Наиболее влиятельная инновация Рикёра – разработка им категории нарративной интриги как напряжения событийного ожидания, связывающего начало и конец дискурса. Интрига мыслилась Рикёром опирающейся на рецептивно-нарративный опыт читателя и в свою очередь продолжающей такой опыт формировать. По мысли Рикёра, «чтобы стать логикой рассказа», история необходимо «должна обратиться к закрепленным в культуре конфигурациям, к схематизму повествования […] Только благодаря этому схематизму действие может быть рассказано» (Рикёр 2000: 50).

Знаменательно, что более чем за сто лет до Рикёра один из зачинателей российской прото-нарратологии А.Н. Веселовский также обратился к категории интриги. В частности, он писал о неизбежном схематизме нарративности: «интриги, находящиеся в обращении у романистов, сводятся к небольшому числу, которое легко свести к еще меньшему числу более общих типов» (Веселовский 2000: 19).

Дальнейшая разработка понятия интриги представляется одной из актуальных перспектив современных нарратологических исследований. Сопоставляя трактовки данной категории в классической и «пост-классической» нарратологиях, Рафаэль Барони констатирует: «согласно структуральному подходу, интрига есть завершенная совокупность, в рамках которой завязка и развязка находятся в отношении симметрии, тогда как для пост-классического нарратолога […] интрига – это опыт напряженного чтения: завязка и развязка являются последовательными этапам, которые ритмизуют неуверенное продвижение сквозь превратности (méandres) рассказа» (Baroni 2010: 211).

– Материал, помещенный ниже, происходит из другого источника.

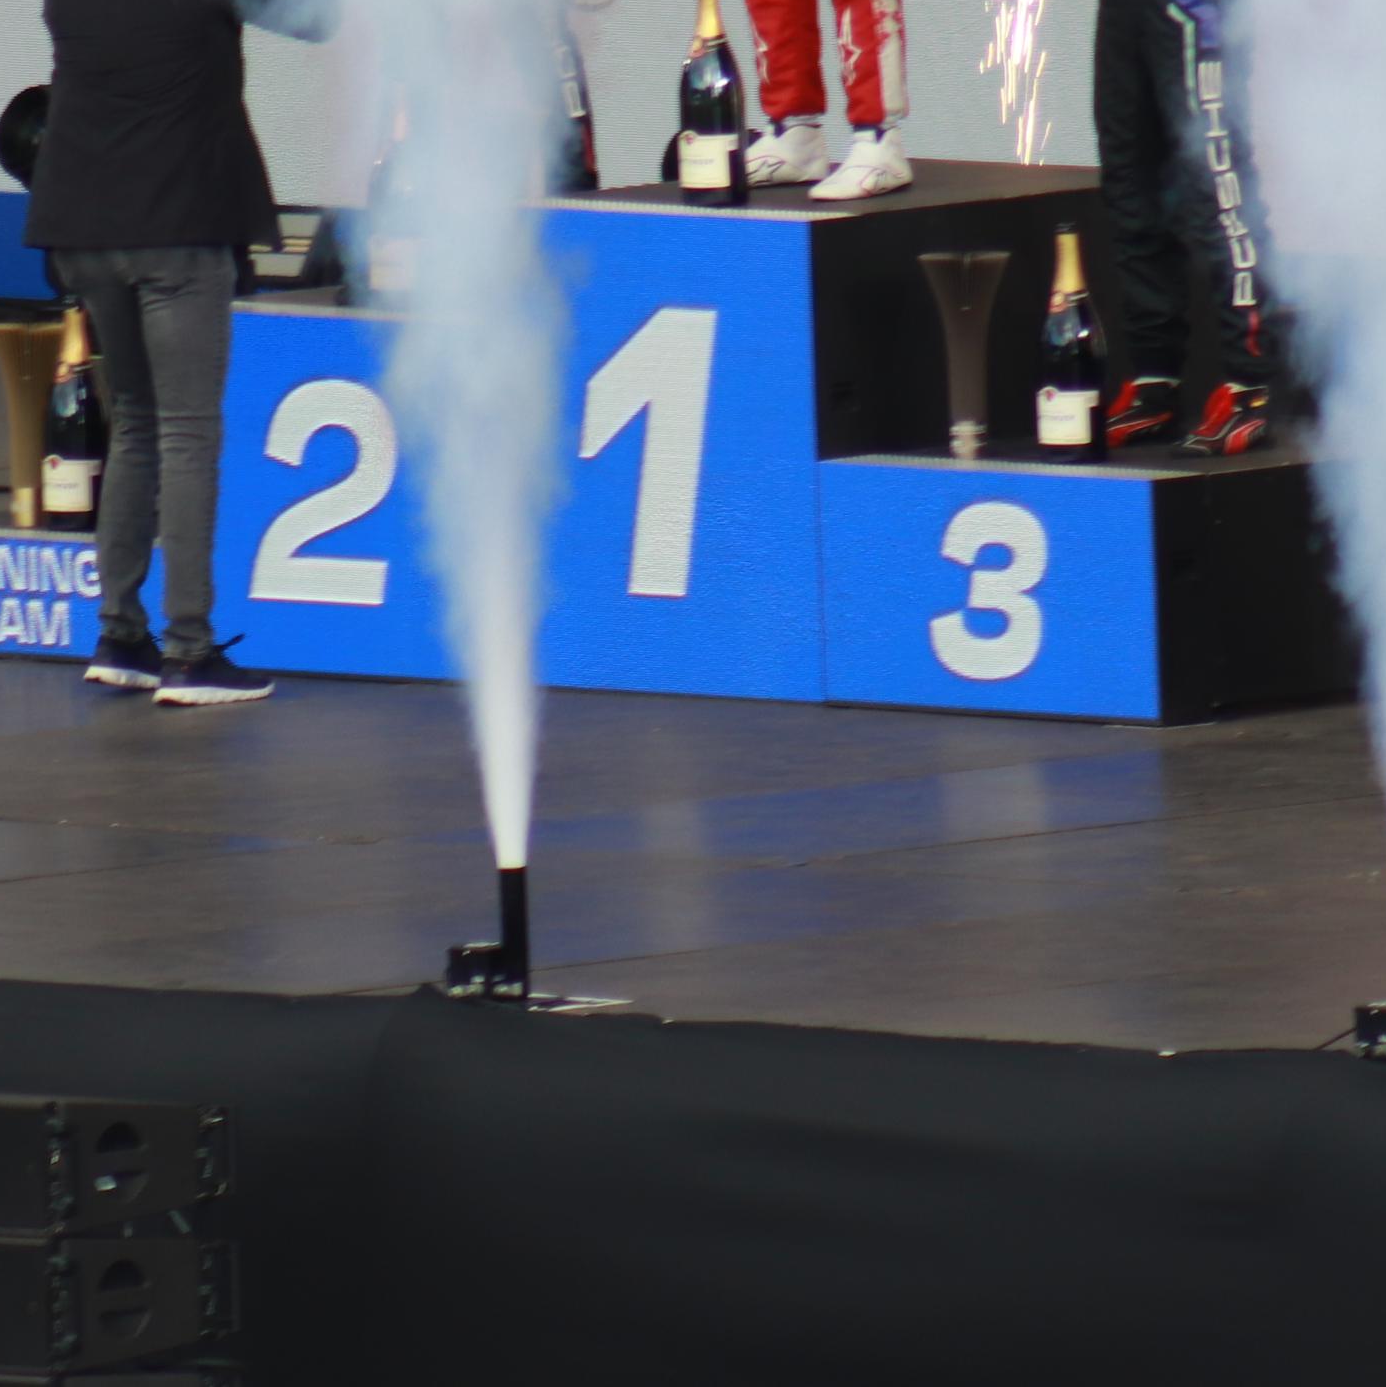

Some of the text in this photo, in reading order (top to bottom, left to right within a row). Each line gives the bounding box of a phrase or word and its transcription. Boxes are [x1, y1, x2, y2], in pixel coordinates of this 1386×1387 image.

[249, 378, 399, 606] 2
[578, 307, 718, 598] 1
[929, 501, 1049, 681] 3

Среди российских нарратологов «опыт напряженного чтения» начинает осмысливаться через понятие «интрига слова», введенное в обращение в коллективной монографии о романе «Доктор Живаго» [см.: Поэтика «Доктора Живаго» в нарратологическом прочтении 2014]. Начиная от поздней прозы Чехова, все чаще рецептивный интерес повествования определяется не только или даже не столько тем, что произойдет, а тем, какими словами завершатся перипетии вербализации наррации. Так, например, рассказ Набокова о непереносимом страдании отца, похоронившего сына («Рождество»), далеко не случайно завершается словом «счастье».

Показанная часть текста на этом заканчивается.